Sie erlitten unter solchen Verhältnissen die schwersten Verluste. Wegen Verbindungen des Fürsten Boemund mit den Mongolen ließ Bibars 1262 das Gebiet von Antiochia verwüsten. Er verbrannte wegen Verletzung des Waffenstillstandes durch die Ritterschaft zu Ptolomais 1263 die Marienkirche zu Nazareth und die Verklärungskirche auf dem Tabor, er verheerte das Land bis Tripolis und Akkon, ja er bedrohete Akkon selbst. Dann kam es zu einem Waffenstillstand; aber wieder verletzten Christen diesen, und wieder suchten andere Hülfe bei den Mongolen. Da kehrte der Sultan mit Heeresmacht nach Syrien zurück, zerstörte 1265 Cäsarea und ließ Arsuf von den eigenen Einwohnern der Stadt vernichten. 1266 gewann er die Templerfeste Safed (unweit Bethsaida) und ließ die tapfere Besatzung ermorden. 1268 nahm er auch Joppe ein und zerstörte unter unerhörten Grausamkeiten die Stadt Antiochia, so daß auch Boemund, damals in Tripolis, einen Waffenstillstand eingehen mußte. Akkon und Tyrus standen nunmehr als die letzten namhaften Seeplätze der christlichen Bevölkerung in Syrien da, und namentlich auf Akkon setzte sie alle ihre Hoffnung.

Auch dieses einzunehmen und die Christen vollends aus Palästina zu vertreiben, war der sehnlichste Wunsch des Sultans Bibars. In Jerusalem flehete er um Muhammeds Segen für seine Waffen; und er erregte nicht nur den Fanatismus seiner Emirs durch die reichlichste Befriedigung ihrer Beutegier, sondern auch den Fanatismus aller Moslim. Willig zahlten sie die „Gottessteuer“, die der Sultan ihnen auferlegte, als er 1267 einen neuen Einbruch der Mongolen befürchtete, und schon 1265 hatte sich in Damaskus eine Gesellschaft zum Loskauf muhammedanischer Gefangenen von den Christen gebildet.

Papst Urban IV., der früher selbst Patriarch von Jerusalem gewesen war, und sein Nachfolger Clemens IV. ließen es nun freilich an Sorge für das Heilige Land nicht fehlen; sie trieben nicht nur Steuern zu dessen Hülfe ein, sondern sie suchten demselben auch Streiter zu erwecken.
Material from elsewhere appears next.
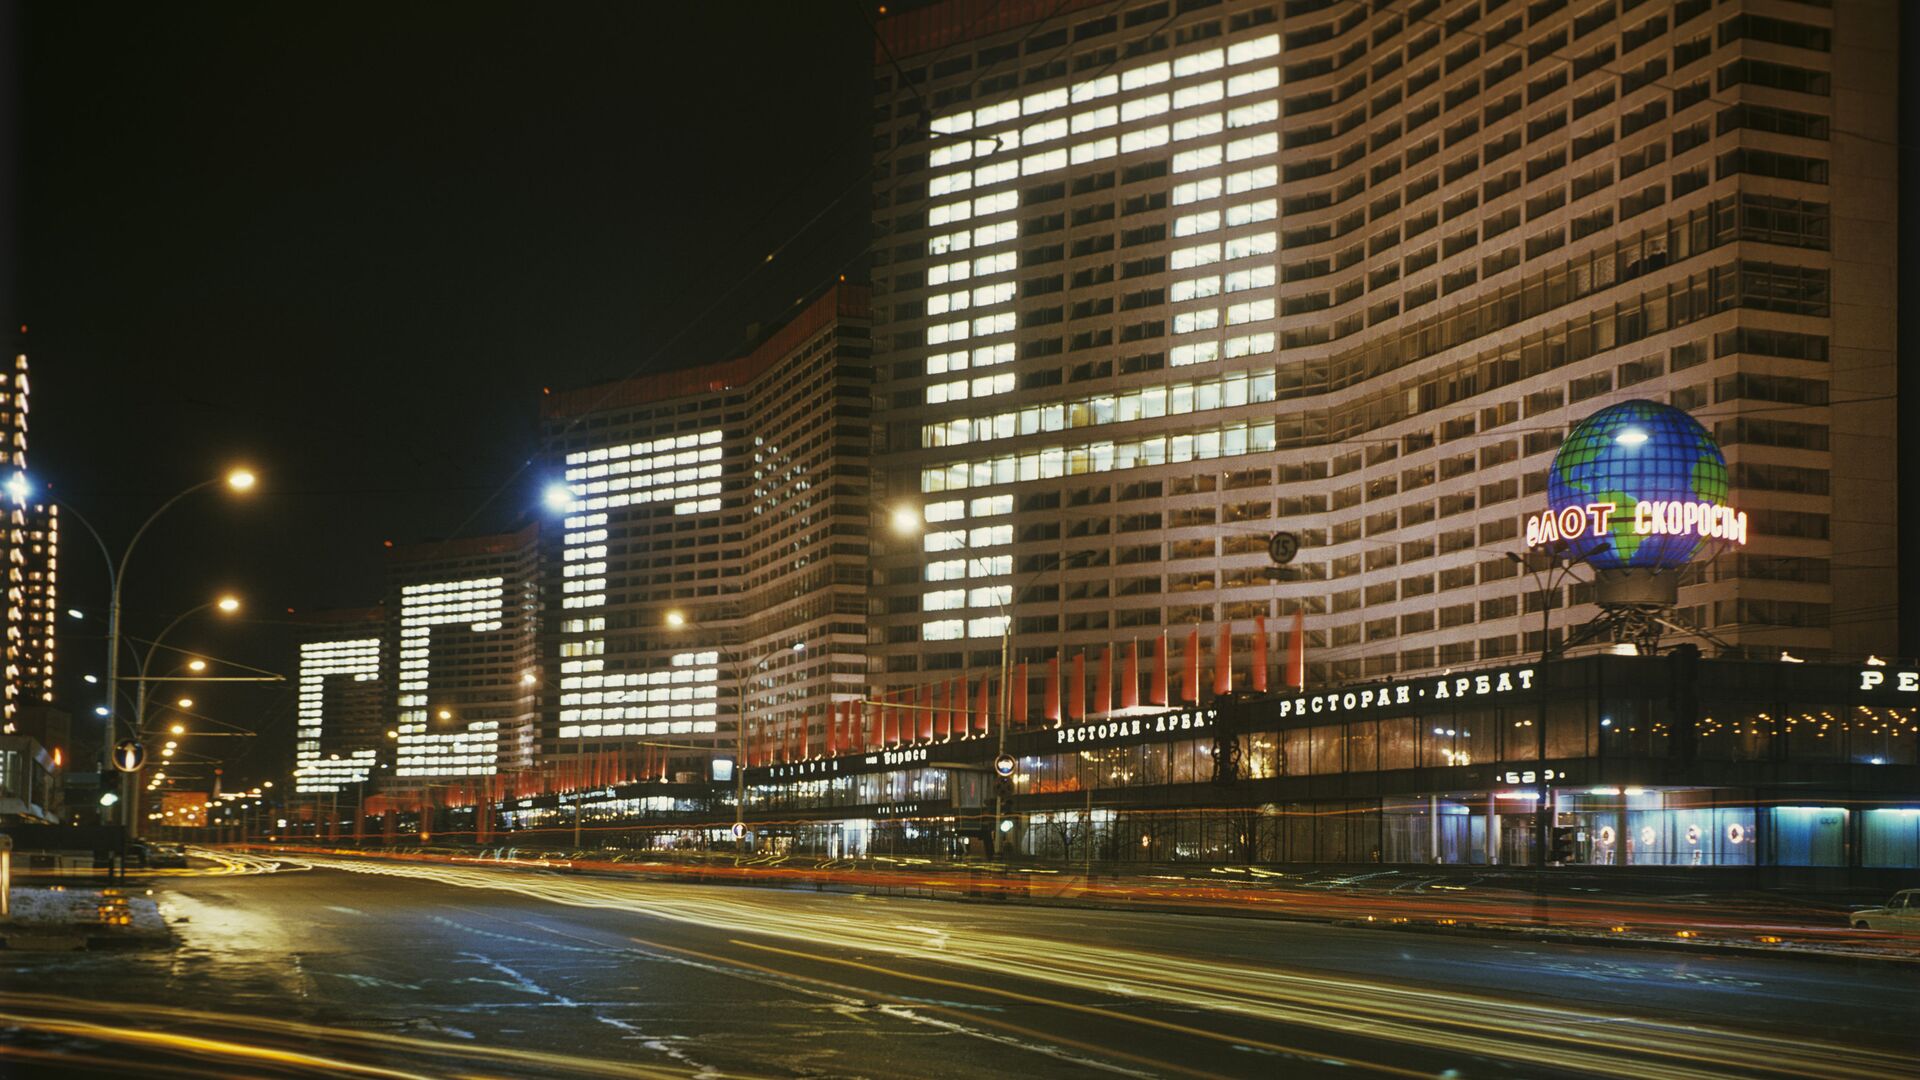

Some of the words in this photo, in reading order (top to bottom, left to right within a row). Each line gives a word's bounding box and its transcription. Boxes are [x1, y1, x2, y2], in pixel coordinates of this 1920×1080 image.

[1280, 685, 1410, 717] РЕСТОРАН
[1435, 669, 1534, 698] АРБАТ
[1057, 720, 1141, 743] РЕСТОРАН
Aber Europa war gegen solche Mahnungen gleichgültiger geworden; zumal die Deutschen, die von je her im Eifer für die Kreuzzüge es den Romanen nicht gleich gethan hatten, schenkten ihnen wenig Gehör. Des Papstes Clemens Parteinahme für Karl von Anjou, den er nach Neapel gegen die Hohenstaufen gerufen hatte, mußte ihm die Herzen der Deutschen entfremden. Ueberdies war das Reich seit dem Tode König Konrads IV. in Auflösung begriffen; jeder Fürst handelte nach seinem persönlichen Interesse. Der Markgraf Otto von Brandenburg, der im Kampfe gegen die Preußen seinen religiösen Eifer bewiesen hatte, erregte im Papste Clemens die schönsten Hoffnungen; da aber dieser jenem eine zur Kreuzfahrt nach Palästina erbetene Unterstützung abschlug, kam es in Deutschland auch nicht einmal zu einer Rüstung. Wenn also kleinere deutsche Fürsten und Herren wegen eines Gelübdes oder aus dem Drange ihres Herzens den geängstigten syrischen Christen ihren Arm leihen wollten, so blieb es ihnen überlassen, auf eigene Hand, allein oder etwa mit einigen willigen Mannen und Genossen, über das Meer zu ziehen, wie es von Zeit zu Zeit französische Herren und deutsche Pilger thaten, oder aber, wie englische Prinzen, Italiener und Niederländer zu thun gedachten, sich dem großen Kreuzheere anzuschließen, mit dessen Bildung die Könige von Frankreich, Navarra, Aragonien und Neapel schon, als Clemens 1268 starb, eifrig beschäftigt waren. Und wenn auch der päpstliche Stuhl in den nächsten Jahren unbesetzt blieb, so war doch Ludwig der Heilige nicht der Mann, den einmal Gott gelobten Kreuzzug darum aufzugeben; seine Begeisterung und seine und seiner Verbündeten Macht verhießen in der That den Christen einen endlichen großen Erfolg und flößten den Muhammedanern die größten Besorgnisse ein.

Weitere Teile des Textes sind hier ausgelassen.